Madame la ministre de la transition écologique, à vous écouter– et Dieu sait si on vous écoute ! – et à écouter les membres de votre majorité, le projet de loi contient toutes les mesures nécessaires pour permettre enfin à notre pays de tenir ses engagements climatiques. Le Parlement aurait, au cours des trois semaines de débats qu’il a consacrées à votre texte, magnifiquement relayé, selon vos propres termes, les propositions formulées par la Convention citoyenne pour le climat.
Eh bien ni les 150 citoyens, ni la communauté scientifique, ni les parlementaires qui ont tenté de renforcer l’ambition du texte ne partagent cet enthousiasme de façade.
Vous avez, dans une tribune récente cosignée avec un collectif de ministres et de députés de la majorité, dénoncé les postures de ceux qui « s’enferment dans une logique du tout ou rien pour refuser une approche progressive ». Nul ne conteste sur ces bancs la nécessité d’avancer par étapes sans laisser personne sur le bord du chemin, mais le cœur du problème, c’est qu’au bout du compte, votre politique des petits pas ne suit pas le rythme des changements économiques et sociaux qu’impose la crise écologique et climatique. Sous la pression, comme cela a été dit, de puissants intérêts économiques et financiers, vous vous êtes condamnée au sur-place, aux dépens de l’intérêt général et des attentes légitimes de nos concitoyens.
Ce texte souligne les terribles contradictions qui sont les vôtres. On ne peut en effet prétendre opérer la transition écologique de l’industrie sans garantir aux salariés – nous ne cesserons de le dire ! – des droits nouveaux en termes d’emploi et de formation, ni sans renforcer leur pouvoir d’intervention sur la stratégie industrielle des entreprises. Or il n’y a rien d’essentiel, dans le projet de loi, sur l’emploi et la transformation des métiers. Aucune mesure ne vise non plus à encadrer les émissions de carbone des grandes entreprises, ni à leur réclamer des contreparties. Bien au contraire : c’est leur bonne volonté qui fait office de cap. On ne peut prétendre réduire la part du transport routier et aérien sans développer massivement l’offre de fret et de transport ferroviaire, sans préserver le maillage des petites lignes et sans rendre attractifs les tarifs des transports publics, notamment de la SNCF. (Mme Muriel Ressiguier applaudit.) Or vous ne démontrez rien à cet égard dans ce texte.

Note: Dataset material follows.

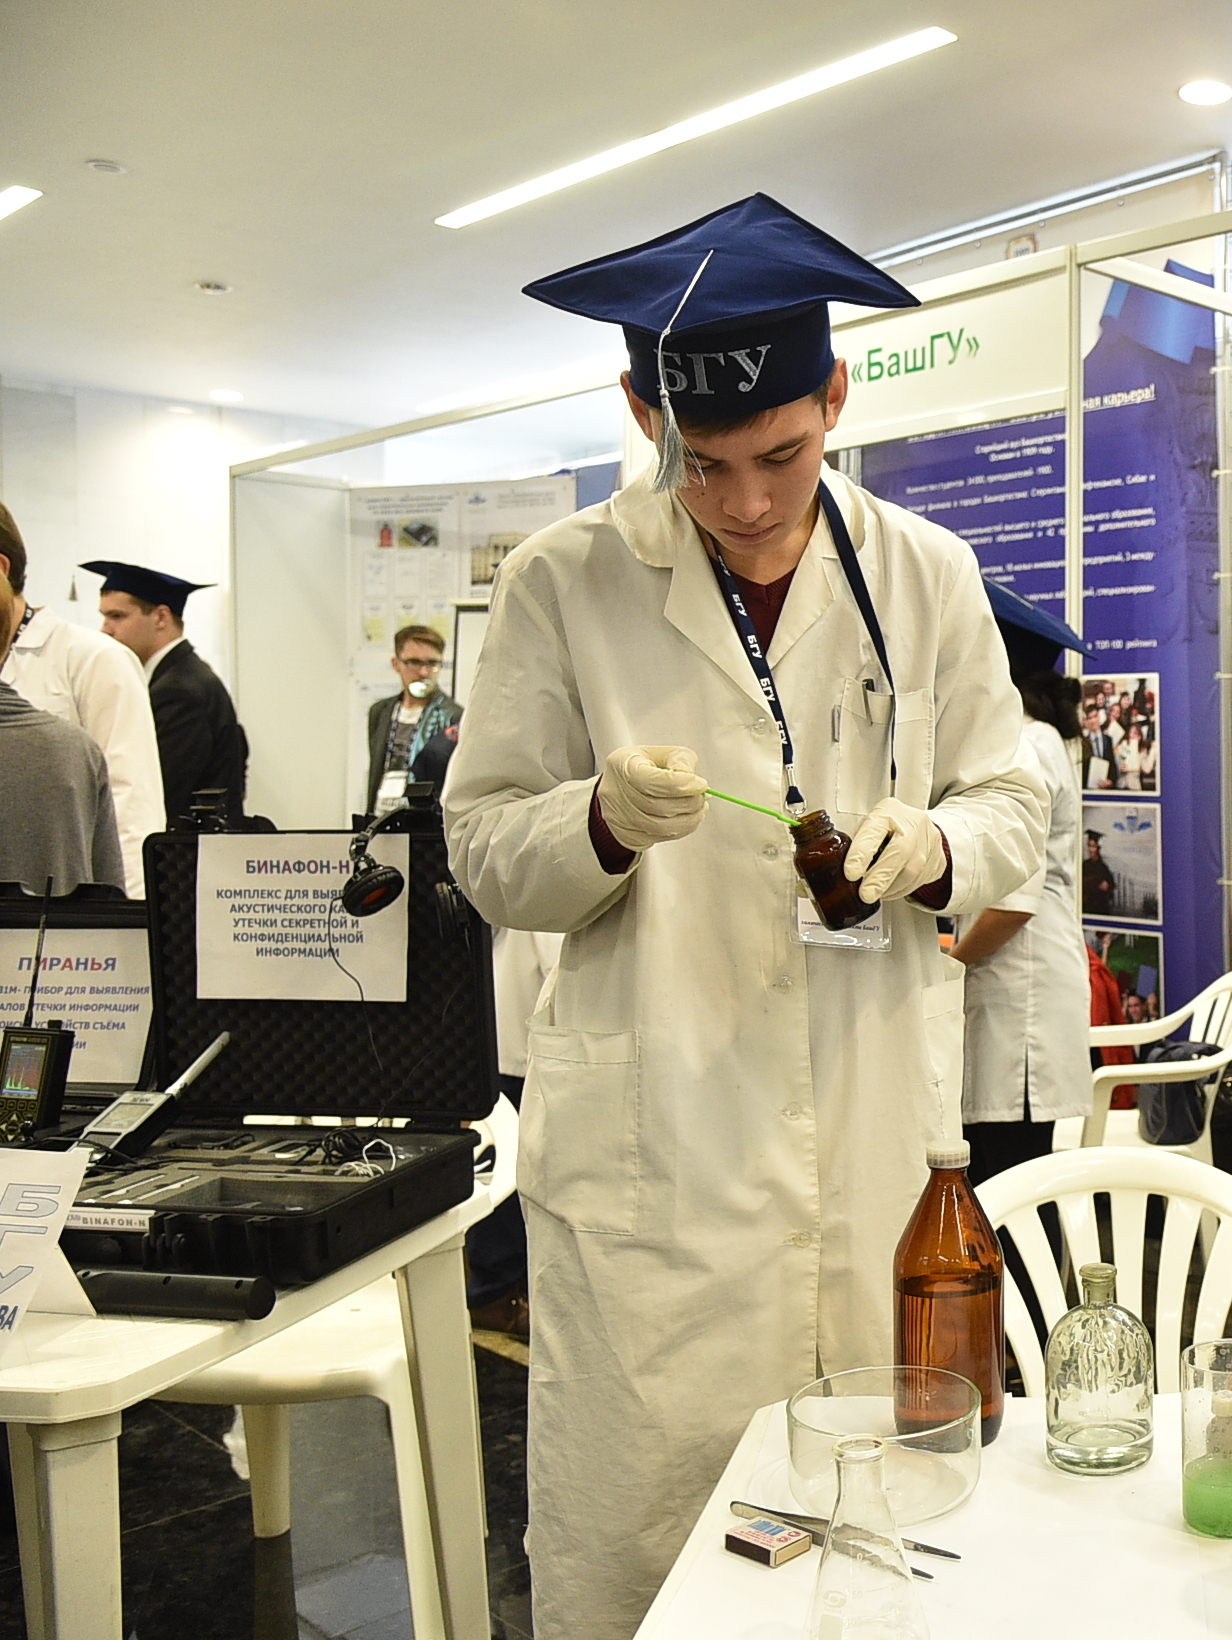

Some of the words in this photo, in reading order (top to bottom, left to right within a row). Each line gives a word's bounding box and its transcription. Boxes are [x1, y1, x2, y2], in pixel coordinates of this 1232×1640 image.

On ne peut prétendre d’un côté lutter contre l’artificialisation des sols et refuser, de l’autre, tous les amendements visant à mettre un terme à l’expansion des entrepôts des géants du e-commerce. Quant à l’interdiction de l’installation de surfaces commerciales en périphérie, elle ne concernera que celles de plus de 10 000 mètres carrés, un seuil bien trop élevé pour lutter efficacement contre l’artificialisation et préserver les petits commerces de proximité. Pourtant, ce n’est qu’à l’amendement du président Chassaigne – amendement qui a mis la majorité en émoi – que la ruralité vivante doit ses quelques capacités de développement !
On ne peut prétendre encore favoriser la transition de notre agriculture sans garantir des revenus décents aux agriculteurs. Or vous refusez de tirer les conséquences de l’échec de la loi pour l’équilibre des relations commerciales dans le secteur agricole et alimentaire (ÉGALIM) et de dénoncer les désastreux traités de libre-échange qui organisent le dumping social et environnemental. On ne peut enfin prétendre conduire à bien la rénovation énergétique de l’habitat et éradiquer les passoires thermiques d’un côté et, de l’autre, repousser à 2028 l’interdiction de louer les passoires thermiques, tout en rackettant le logement social à hauteur de plusieurs milliards d’euros.
Telles sont, madame la ministre, les raisons pour lesquelles le groupe communiste votera contre ce texte qui est un empilement de mesures anecdotiques, tronquées, différées, déléguées, sans-le-sous et asociales. (Applaudissements sur les bancs des groupes GDR et FI ainsi que sur plusieurs bancs du groupe SOC.)